Until now, that is. The company expects to post a $12.5 billion loss in the first quarter of 2020 — and its situation is hardly unique.
With more than 40 million Americans out of work, it’s clear that many companies prioritized getting bigger instead of becoming stronger before the unexpected hit. Making matters worse, the growth-at-all-costs mentality makes it particularly hard to pivot in times like these. Instead of rising to the occasion, many sales-centric companies are now reckoning with their own shortcomings.
Companies with an operational focus fare much better in times of crisis. It might have previously been considered “boring,” but their ability to keep the lights on in good times and bad is now a vital skill. Leaders focused on operational excellence know from experience how to keep quality consistent amid declining budgets and how to extract savings from existing processes. Take Amazon, for instance. Jeff Bezos isn’t known as a great salesman; he’s recognized for his logistical innovation and operational focus.
Operational excellence leads businesses to become “anti-fragile,” meaning they’re insulated from disorder, uncertainty, and fear. They have structures in place to weather the unpredictable, and they have an organizational mindset built for survival.
Sales-centric companies rise during boom times and fall just as fast. Meanwhile, anti-fragile companies with an operational focus maintain remarkable levels of continuity during all economic conditions. Here’s how you can do the same for your business:
1. Be a phoenix. The pandemic has knocked a lot of companies off course. Instead of trying to scale back, do the opposite — rise from the ashes like a phoenix. In this tense moment, CEOs at anti-fragile companies are evaluating their maximum capacity to produce and committing to push ahead at full steam. Output in whatever form possible keeps revenue coming in, preserves relationships with vendors, and engages the workforce. In an evolve-or-die moment like this one, anti-fragile companies choose the former.
2. Bucket operational expenses.
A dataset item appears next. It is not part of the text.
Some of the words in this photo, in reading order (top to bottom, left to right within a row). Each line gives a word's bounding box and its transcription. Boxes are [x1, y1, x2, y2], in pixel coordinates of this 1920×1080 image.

As you explore how to evolve, bucket your operational expenses versus variable expenses. The pandemic economy makes cash management extremely tricky; as companies reopen, they must decide how much to produce, how to accelerate cash conversion cycles, and how to maximize margins. Anti-fragile companies are willing to throw out the existing playbook to adapt to the moment while managing cash effectively.
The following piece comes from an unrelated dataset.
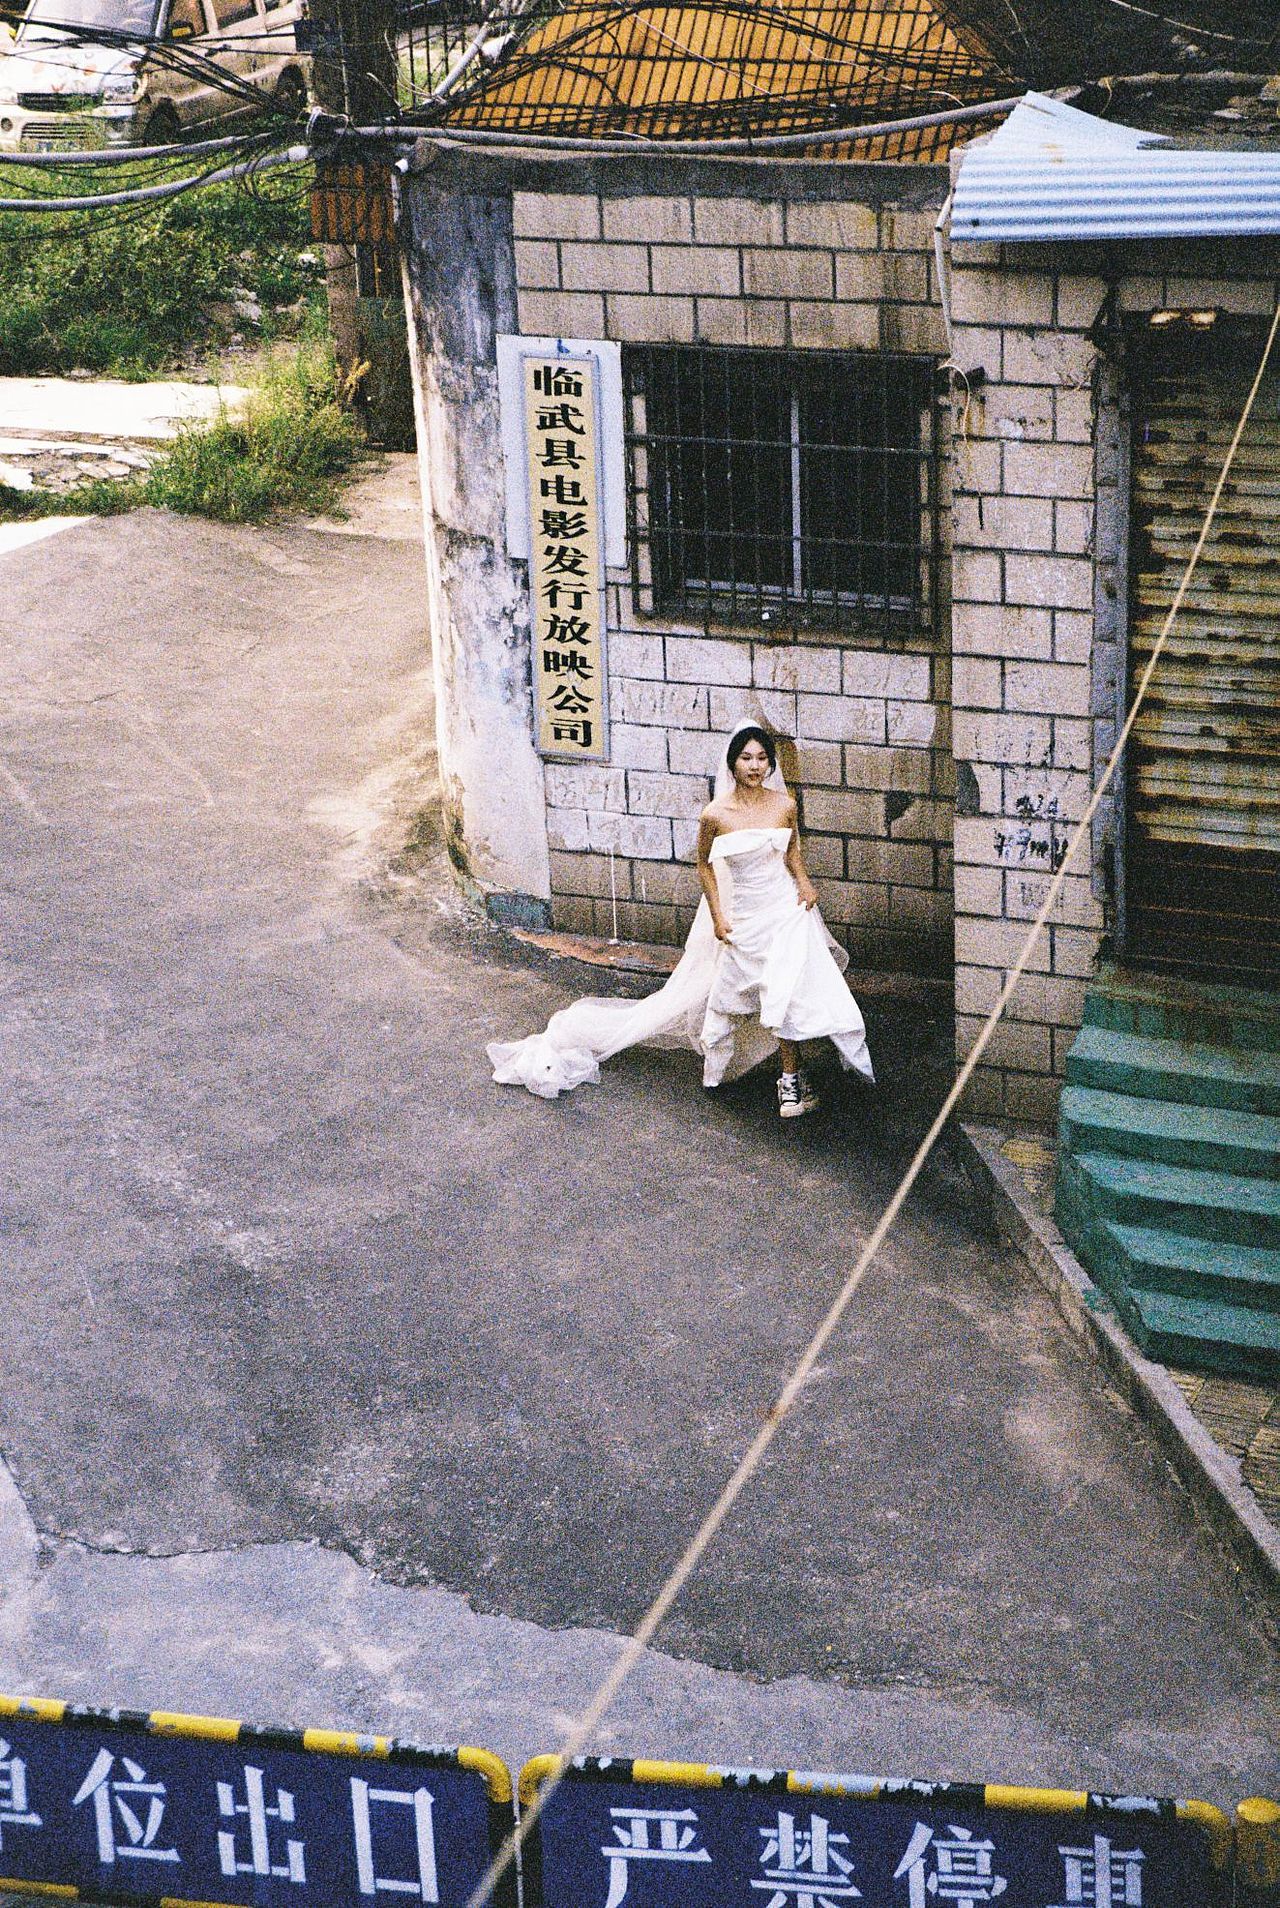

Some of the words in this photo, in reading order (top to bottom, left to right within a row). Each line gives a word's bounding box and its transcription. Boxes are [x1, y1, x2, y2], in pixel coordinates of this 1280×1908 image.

[533, 365, 595, 747] 临武县电影发行放映公司
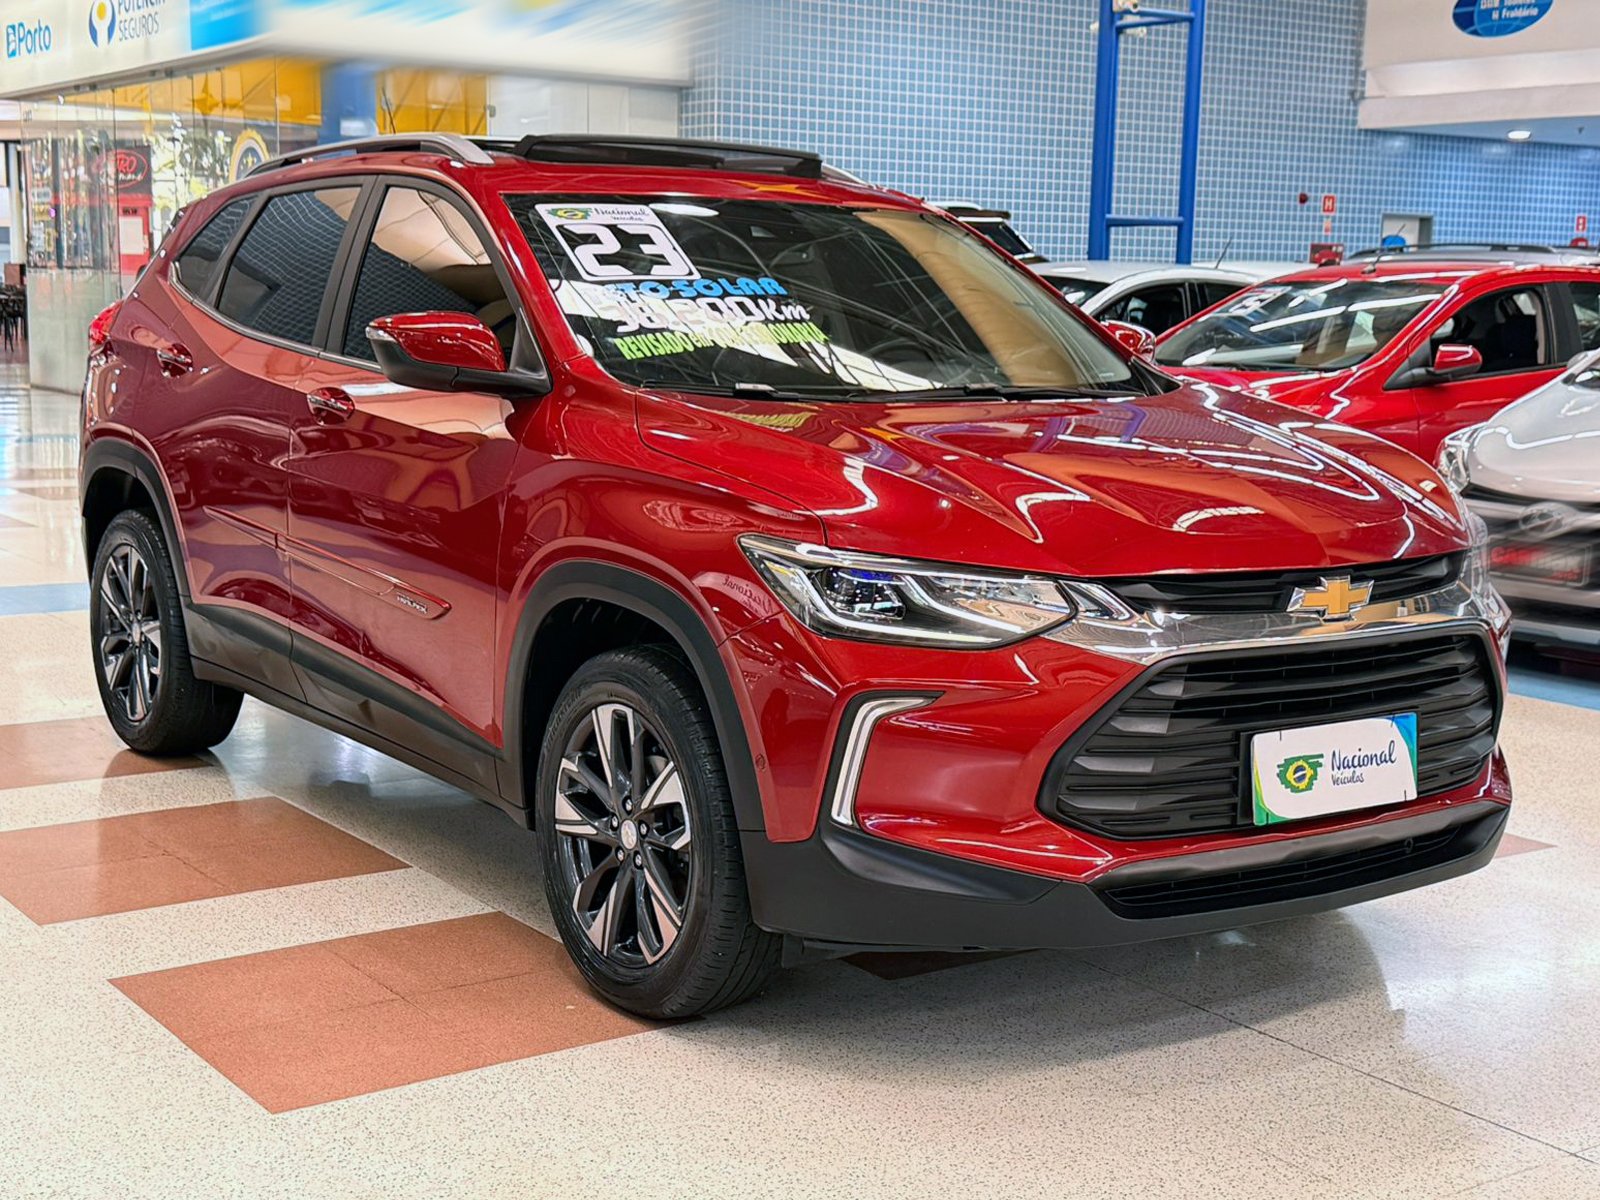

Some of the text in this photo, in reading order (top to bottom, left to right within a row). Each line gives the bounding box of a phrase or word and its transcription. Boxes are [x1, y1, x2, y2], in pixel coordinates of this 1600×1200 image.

3. Move slowly. Companies don’t become anti-fragile overnight. It’s a slow, systematic process that rewards patience and punishes haste. The last thing companies need right now are self-created disruptions. Take the time necessary for an in-depth examination of the ins-and-outs of your operations, looking for opportunities to make every feature more sustainable. Remember that you’re not just trying to survive the pandemic — you’re trying to future-proof the company.
Sales may feed the enterprise, but your business will be much more sustainable if operations lead it. After all, they’re the only truly “essential” parts of your business. With operations at the helm, you’ll be able to adapt, deliver results, and thrive regardless of any disruptions.